*** SOURCE INFORMATION ***

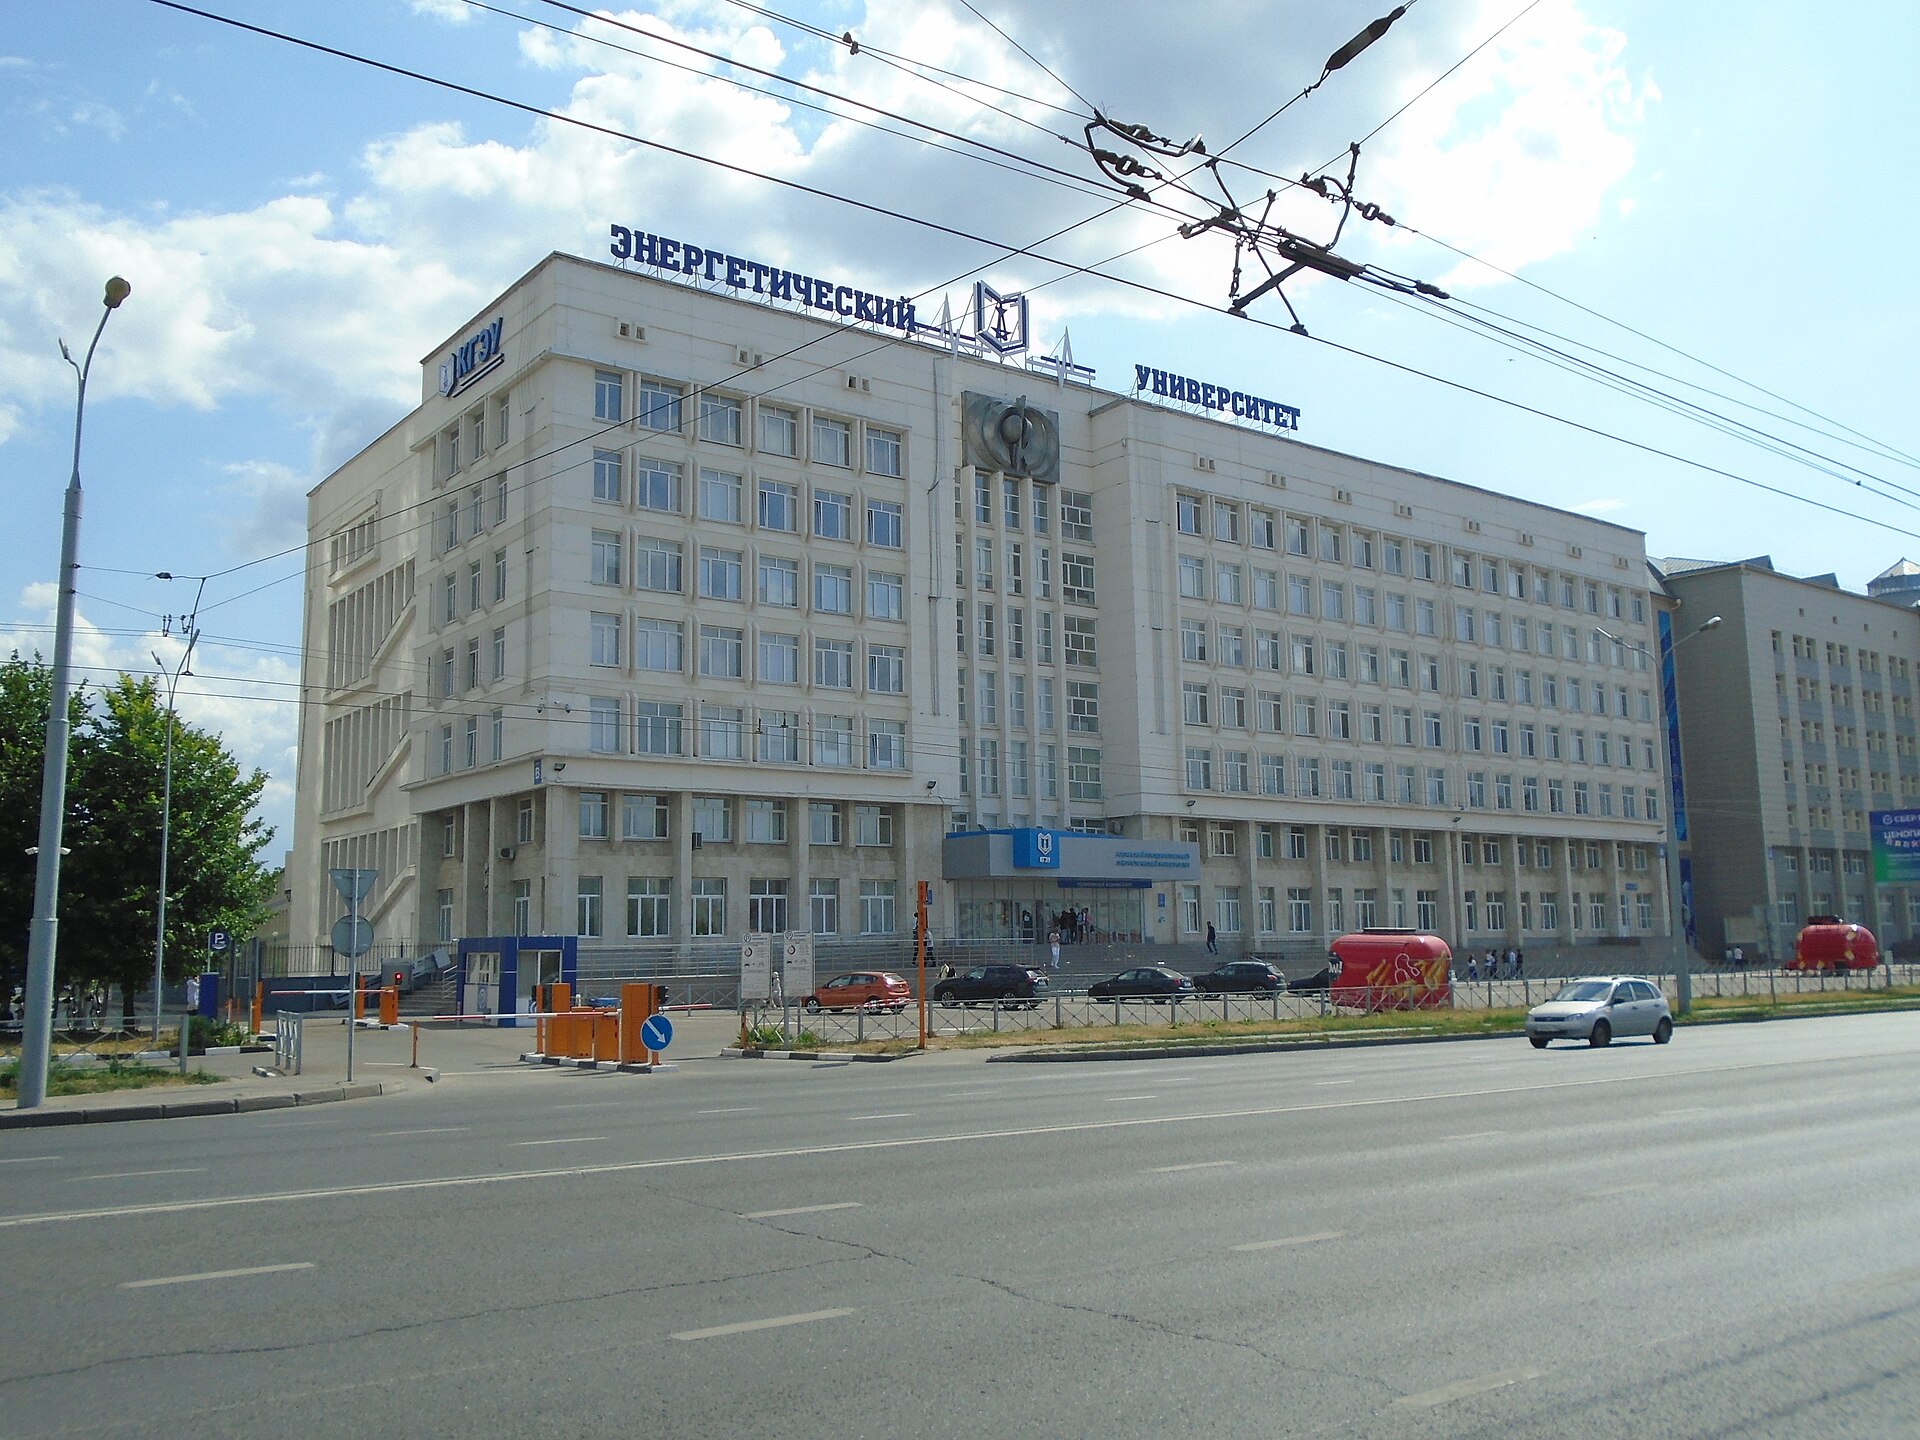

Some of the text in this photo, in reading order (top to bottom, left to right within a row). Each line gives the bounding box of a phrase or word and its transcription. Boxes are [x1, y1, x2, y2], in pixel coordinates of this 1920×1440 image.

[610, 224, 916, 333] ЭНЕРГЕТИЧЕСКИЙ
[456, 317, 503, 379] КГЭУ
[1135, 364, 1300, 430] УНИВЕРСИТЕТ
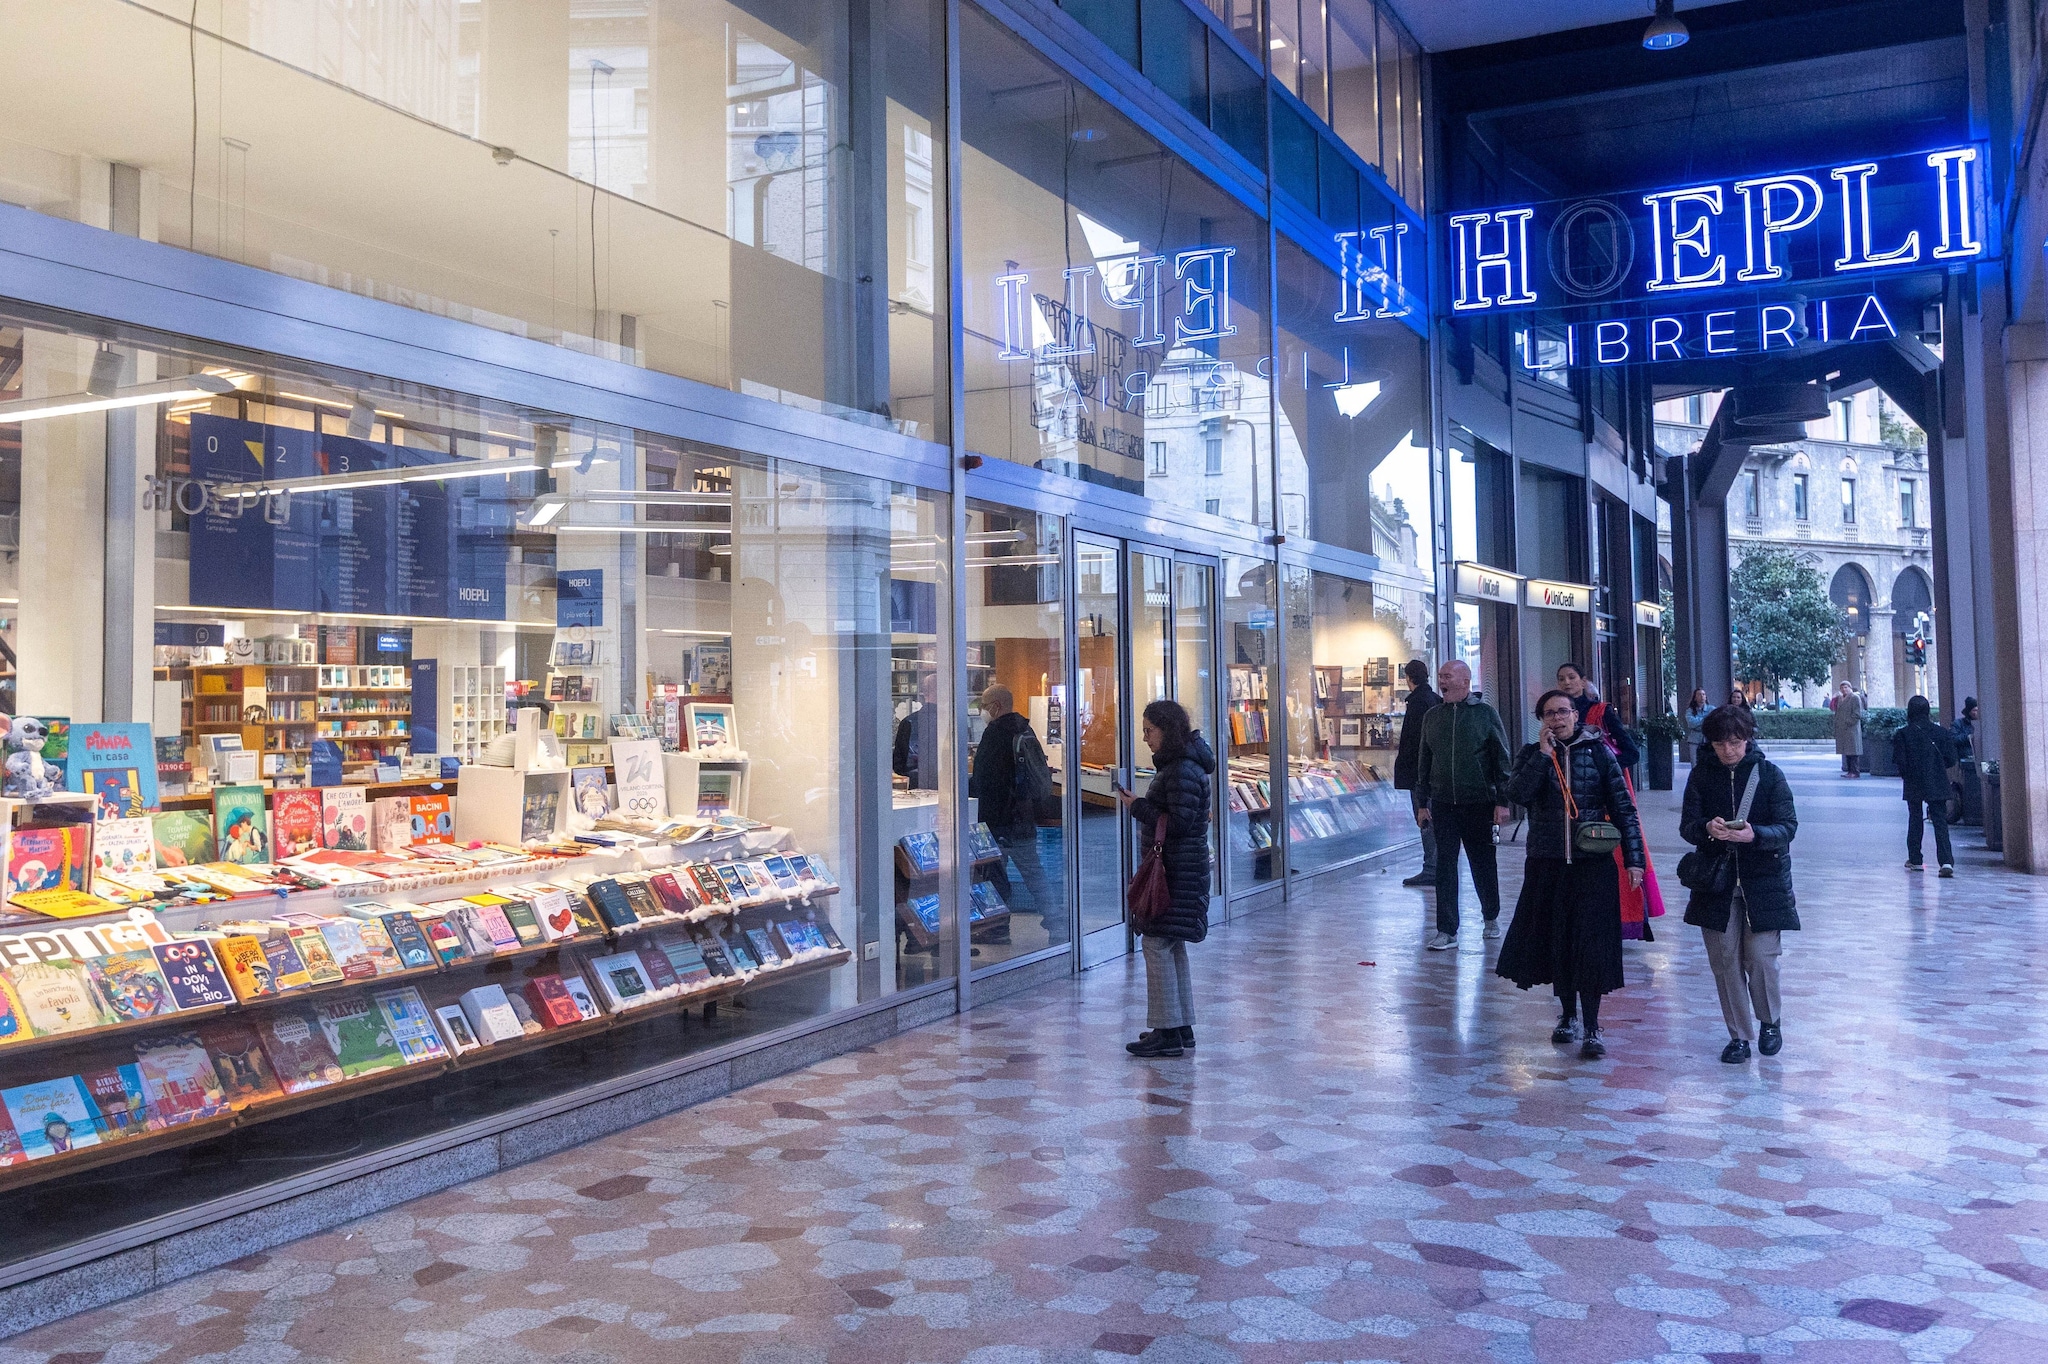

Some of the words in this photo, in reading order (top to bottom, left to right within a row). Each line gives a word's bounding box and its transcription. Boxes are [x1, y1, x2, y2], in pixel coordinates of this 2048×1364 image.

[1450, 148, 1981, 311] HOEPLI
[1523, 295, 1898, 369] LIBRERIA
[207, 436, 218, 453] 0
[276, 446, 287, 463] 2
[340, 456, 349, 472] 3
[568, 578, 591, 588] HOEPLI
[459, 587, 490, 602] HOEPLI
[1550, 591, 1575, 607] UniCredit
[92, 753, 102, 762] in
[106, 753, 129, 761] casa
[326, 792, 337, 800] CHE
[416, 803, 442, 812] BACINI
[485, 915, 506, 931] LOVE
[235, 950, 259, 963] LIBERA
[185, 964, 199, 975] IN
[182, 975, 210, 986] DOVI
[192, 984, 208, 994] NA
[47, 993, 81, 1008] favola
[203, 990, 223, 1002] RIO
[328, 1001, 368, 1019] MAPPE
[96, 1085, 115, 1095] DOVE
[23, 1093, 51, 1106] Dove
[20, 1103, 47, 1116] posso

*** End of SOURCE INFORMATION ***

_EXERCISE GOAL_
Beginning with the line containing "Some of the words" and ending with the last line of the listing above, return every line exactly and nothing else.

_SOLUTION TO THIS EXERCISE_
Some of the words in this photo, in reading order (top to bottom, left to right within a row). Each line gives a word's bounding box and its transcription. Boxes are [x1, y1, x2, y2], in pixel coordinates of this 2048×1364 image.

[1450, 148, 1981, 311] HOEPLI
[1523, 295, 1898, 369] LIBRERIA
[207, 436, 218, 453] 0
[276, 446, 287, 463] 2
[340, 456, 349, 472] 3
[568, 578, 591, 588] HOEPLI
[459, 587, 490, 602] HOEPLI
[1550, 591, 1575, 607] UniCredit
[92, 753, 102, 762] in
[106, 753, 129, 761] casa
[326, 792, 337, 800] CHE
[416, 803, 442, 812] BACINI
[485, 915, 506, 931] LOVE
[235, 950, 259, 963] LIBERA
[185, 964, 199, 975] IN
[182, 975, 210, 986] DOVI
[192, 984, 208, 994] NA
[47, 993, 81, 1008] favola
[203, 990, 223, 1002] RIO
[328, 1001, 368, 1019] MAPPE
[96, 1085, 115, 1095] DOVE
[23, 1093, 51, 1106] Dove
[20, 1103, 47, 1116] posso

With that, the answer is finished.